Penulis pun beranjak ke tujuan berikutnya yaitu Mesjid Kali Pasir dan Museum
Benteng Heritage. Mesjid Kali Pasir
menurut mantan ketua DKM[1]
ada sejak 1600-1700an. Arsitektur pagoda Tiongkok yang menjadi bagian mesjid
menjadi saksi akulturasi budaya di kawasan tersebut, antara Islam dan Tiongkok.
Saat melakukan tur di Museum Benteng Heritage pun diceritakan sejarah
berdirinya Benteng dan asal-usul ‘Cina Benteng’, kecap Tangerang, peninggalan
khas Cina, hingga kelenteng Boen Tek Bio.
IV.
Restoran
Veggie TeHe
Pukul
tiga sore, Penulis menuju sebuah restoran yang terletak di depan Pasar Lama,
selurus dengan jam besar bewarna hijau yang berdiri gagah. Dari namanya, Veggie
yang berarti Vegetarian, penulis penasaran karena resto tersebut adalah
satu-satunya yang menjajakan makanan vegetarian, terletak di muka Pasar Lama,
dan tampak lebih mewah dibanding
rumah makan di barisan jalan Kisamaun dan tempat makan di pinggiran pasar.
Resto ini juga pernah disinggahi orang-orang utama Indonesia seperti Gusdur dan
SBY.
Gambar
II. Veggie Bistro (Te He) di Pasar Lama
Resto
yang dimiliki oleh pak Suharjo yang asli Tangerang itu baru beroperasi di tahun
2015 (di Pasar Lama, sebelumnya sekitar 13 tahun di Jakarta), rumahnya pun di
dekat Pasar Lama (Modern Land). Dari salah satu staffnya yang asli Tangerang
juga -Mbak Wulan, didapatkan info kalau pak Suharjo yang membuat semua bumbu
beserta konsep dan penyajian. Restoran dengan nama Te He –Resto Vegetarian-
memiliki jargon healthy, veggie,
delicious (sehat, vegetarian, lezat), dalam bahasa Mandarin, Te He berarti
kedamaian[2].
Di sebuah pigura terpajang poster restoran, pada bagian bawah tulisan Te He ada
aksara Cina.
Di
resto ini, penulis mencoba pempek telur (di sini disebutnya kapal selam padahal
ukurannya kecil, jika di Palembang kapal selam itu pempek telur yang besar) dan
pempek adaan.
Jika
dibandingkan dengan daerah asal, penyajian pempek di sini berbeda.

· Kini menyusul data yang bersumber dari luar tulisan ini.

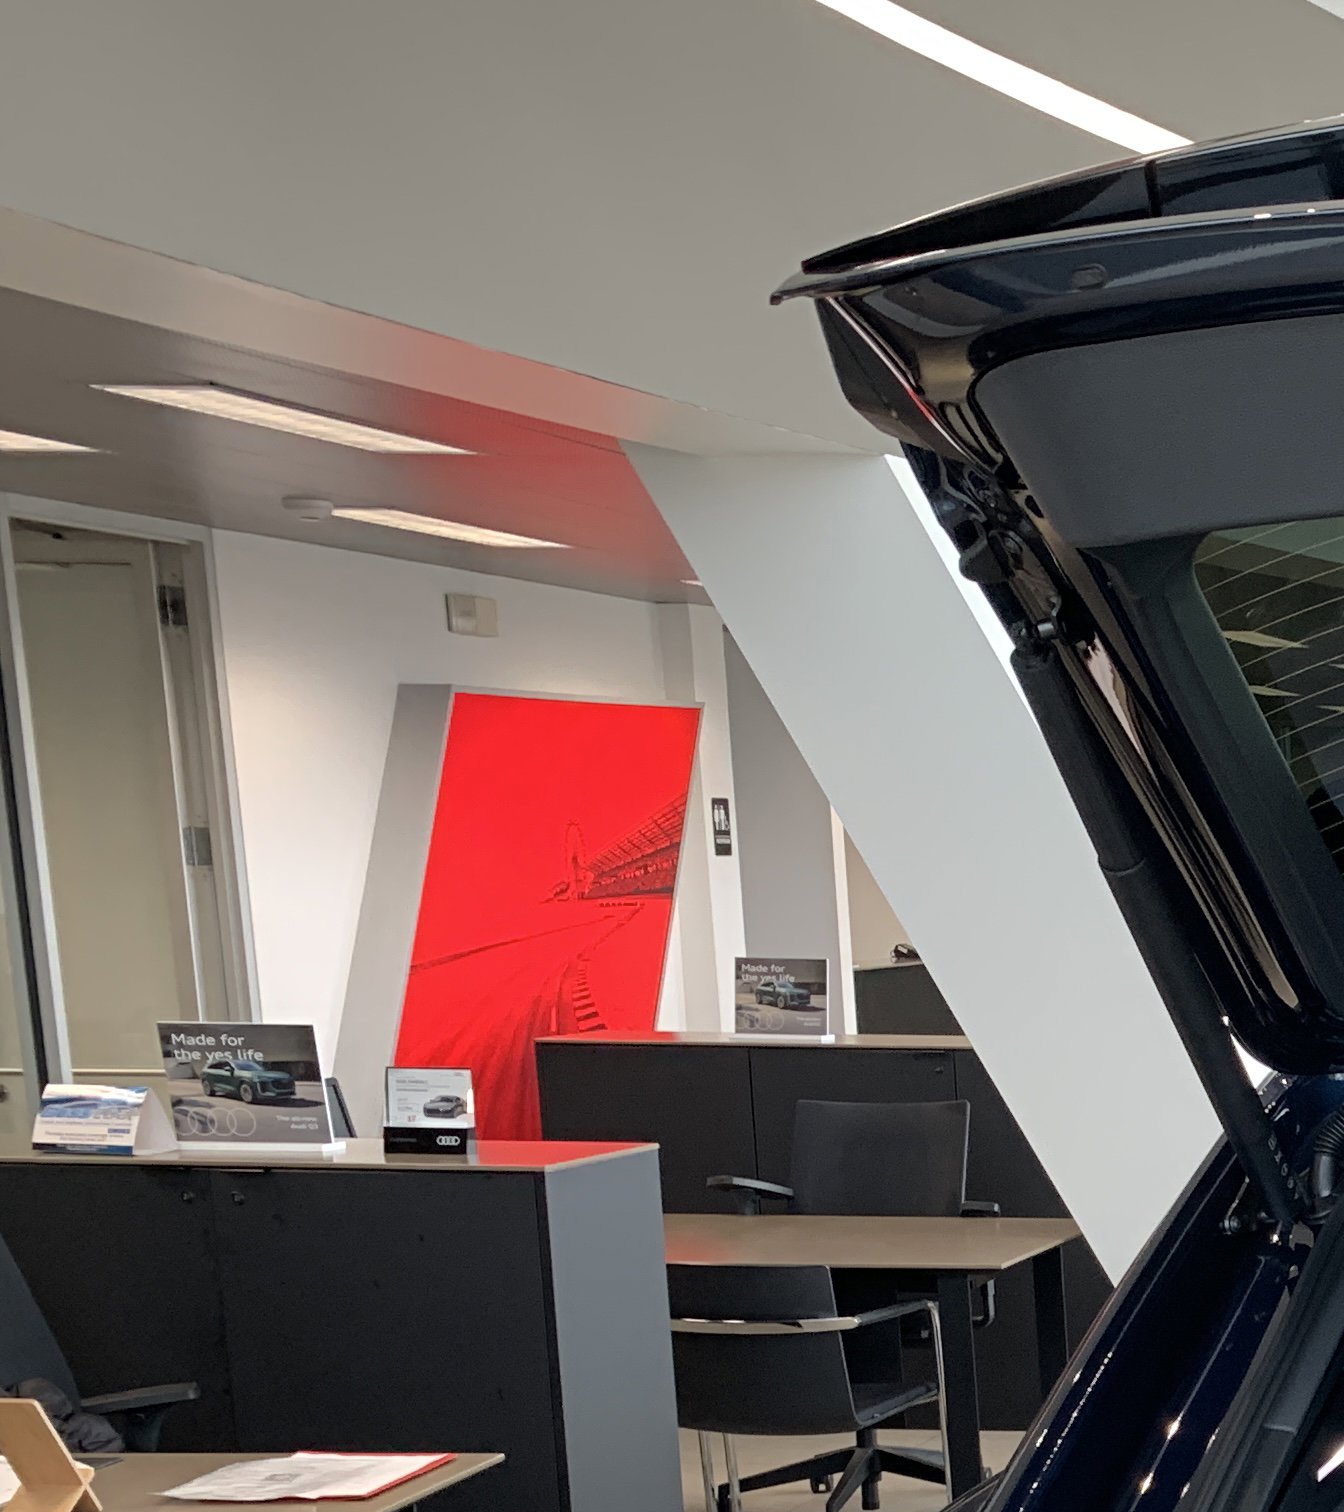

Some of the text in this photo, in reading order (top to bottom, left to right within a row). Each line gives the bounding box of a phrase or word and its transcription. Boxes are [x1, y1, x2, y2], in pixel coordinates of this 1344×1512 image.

[741, 964, 786, 973] Made for
[760, 975, 777, 983] yes
[779, 974, 796, 982] life
[171, 1033, 245, 1046] Made for
[174, 1049, 264, 1063] the yes life
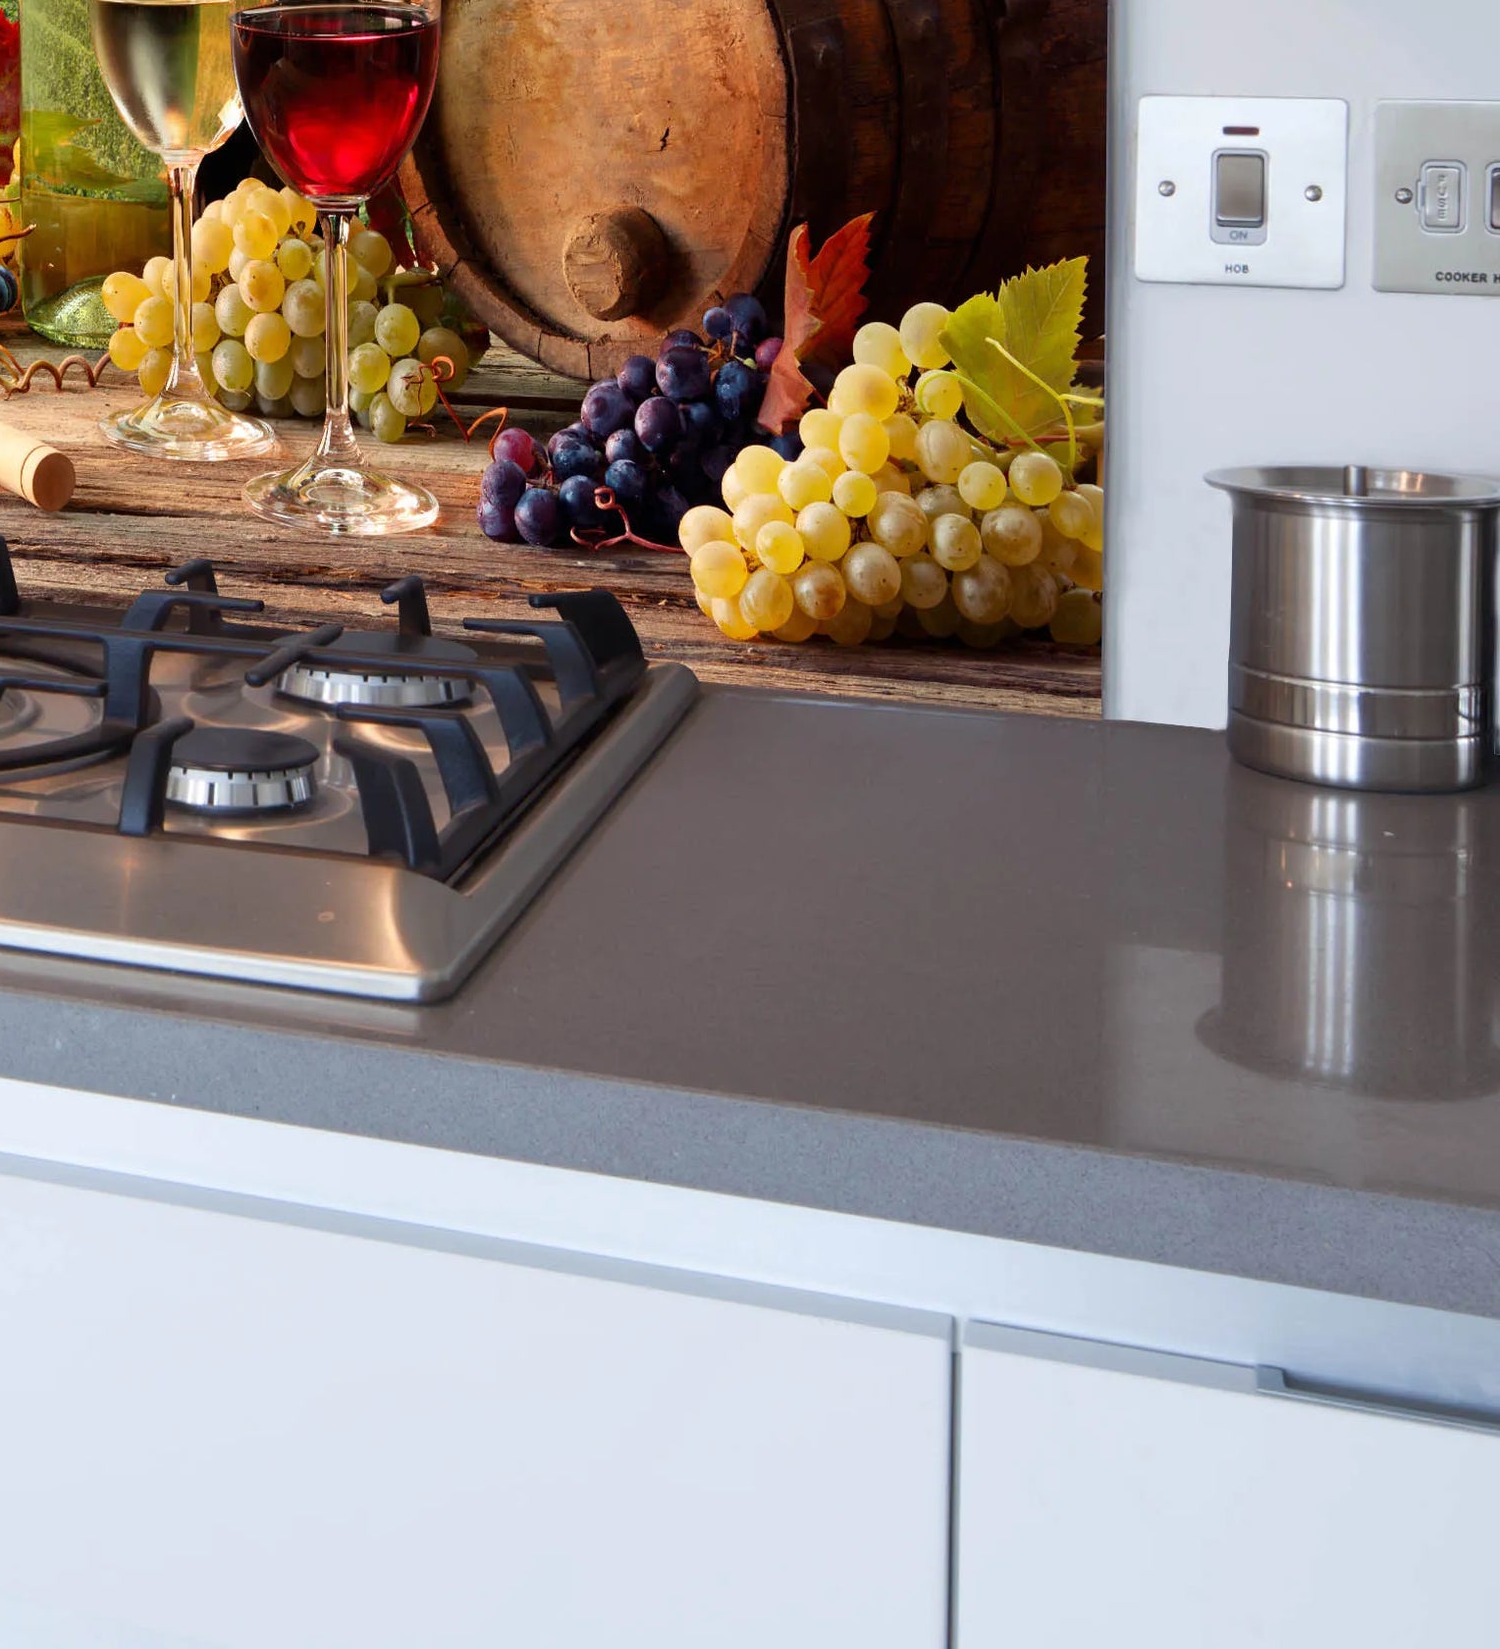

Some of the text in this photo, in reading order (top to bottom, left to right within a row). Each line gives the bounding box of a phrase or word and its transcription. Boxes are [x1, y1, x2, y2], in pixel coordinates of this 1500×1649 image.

[1229, 230, 1248, 241] ON
[1224, 263, 1250, 274] HOB
[1435, 271, 1488, 283] COOKER
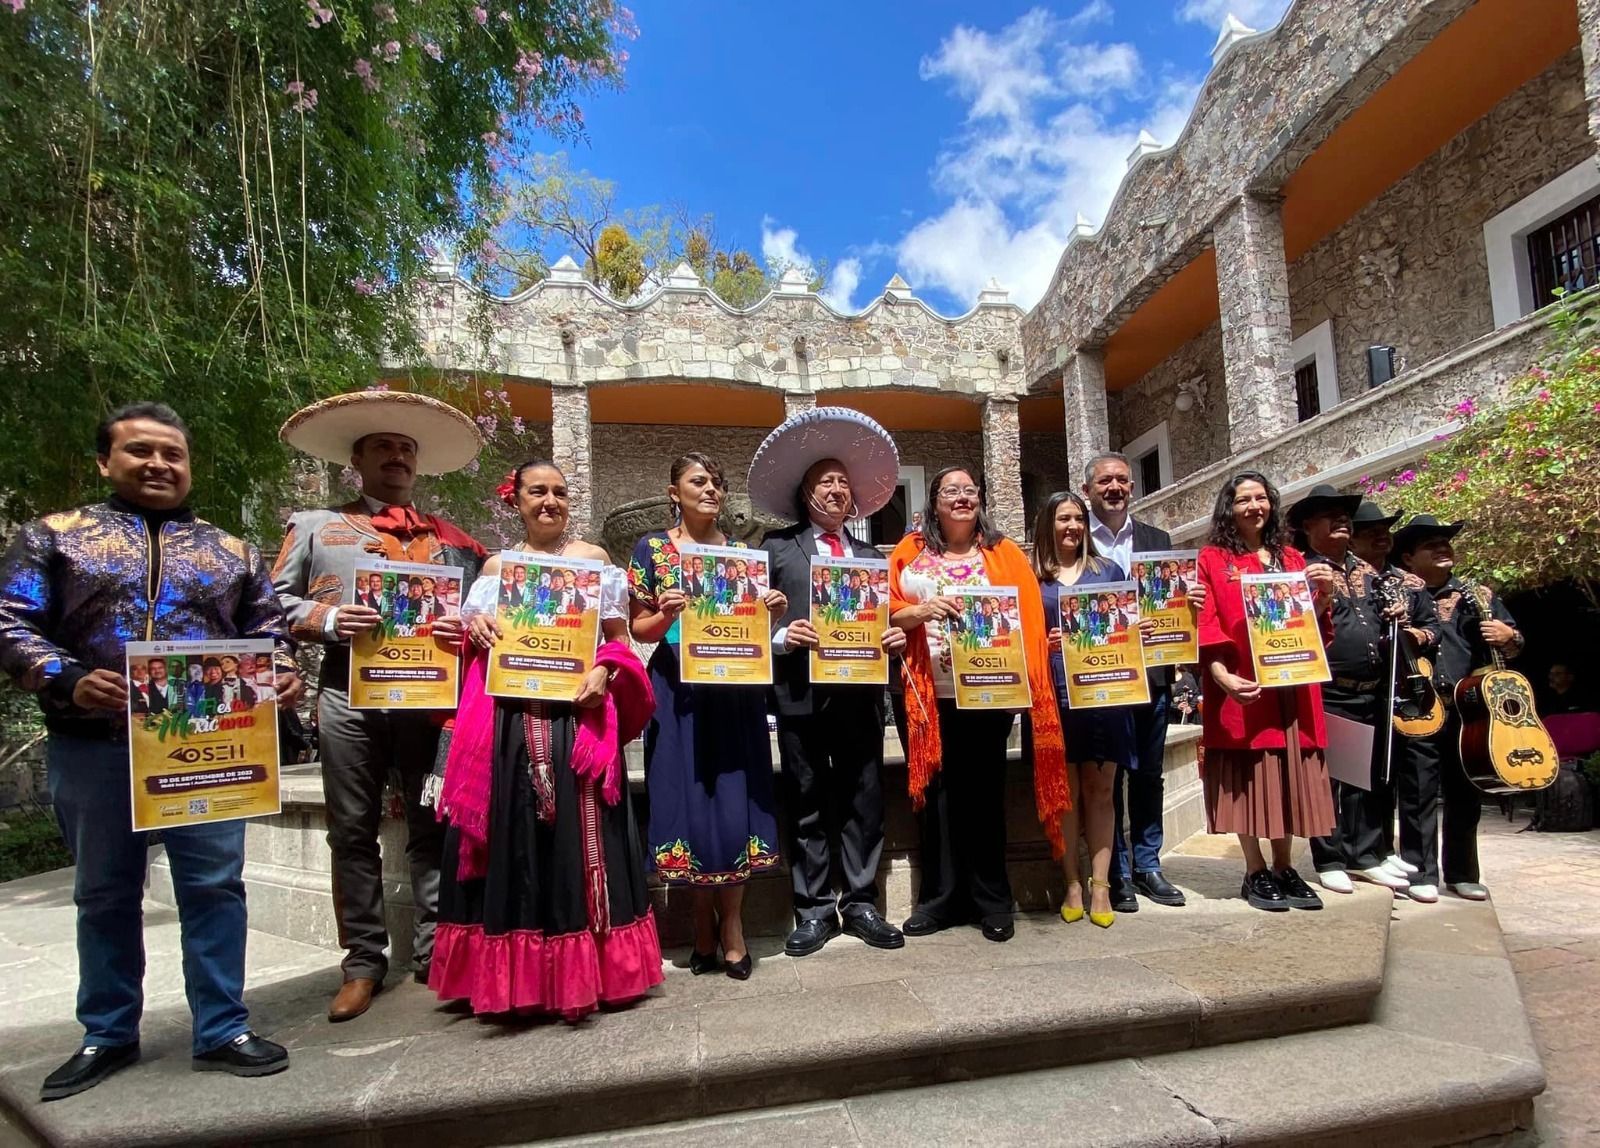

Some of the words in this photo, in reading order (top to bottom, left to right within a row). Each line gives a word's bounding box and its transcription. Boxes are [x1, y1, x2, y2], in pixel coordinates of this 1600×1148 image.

Veggie
bistro memotong-motong pempek dan meletakkan di satu piring bersama bihun dan
potongan ketimun, cuka hitam sebagai teman makan pempek disajikan dalam sebuah
botol. Sementara di asalnya, pempek dos (tanpa ikan) dihidangkan tanpa
embel-embel ketimun dan bihun. Ada mangkuk kecil untuk menuangkan cuka (mangkuk
diperlukan untuk ritual menghirup/meminum
cuka). Harga pempek dibandrol @7000. Untuk ukuran pempek DOS (tanpa ikan),
harganya berkali-kali lipat (jika yang termurah adalah 800 perak, maka harga di
sini 10x lipat) tapi karena penulis belum beruntung berbincang dengan Pak
Suharjo, penulis belum bisa menemukan mengapa pempek tanpa ikan itu dihargai
sekian.
Di
sisi lain, menu-menu yang ditawarkan di Veggie bistro ini cukup beragam- dari
beberapa bagian Indonesia- seperti masakan Indonesia: dari Bandung/Sunda (nasi
timbal), sate Padang, soto Betawi hingga sate Madura. Lalu dari citarasa luar
negeri: Hainam/Hainan (Tionghoa, Malaysia, Singapura), Bento (Jepang), Hot pot
Korea sampai spaghetti yang tentu saja semuanya versi vegetarian. Selama
penulis duduk di tempat ini, ada beberapa pelanggan paruh baya yang sepertinya
tidak ngeh kalau restoran ini menjual
makanan vegetarian, daging seperti ayam atau bebek yang ditawarkan palsu.
Sayangnya,
Pak Suharjo belum bisa datang sore hari itu karena masih sibuk menyiapkan bumbu
siomay. Penulis yang harus kembali ke Masjid Kalipasir untuk ibadah pun
mengundurkan diri.
V.
Sate Haji Ishak
Sore
menjelang maghrib, suasana jalan Kisamaun dipadati oleh pedagang kuliner.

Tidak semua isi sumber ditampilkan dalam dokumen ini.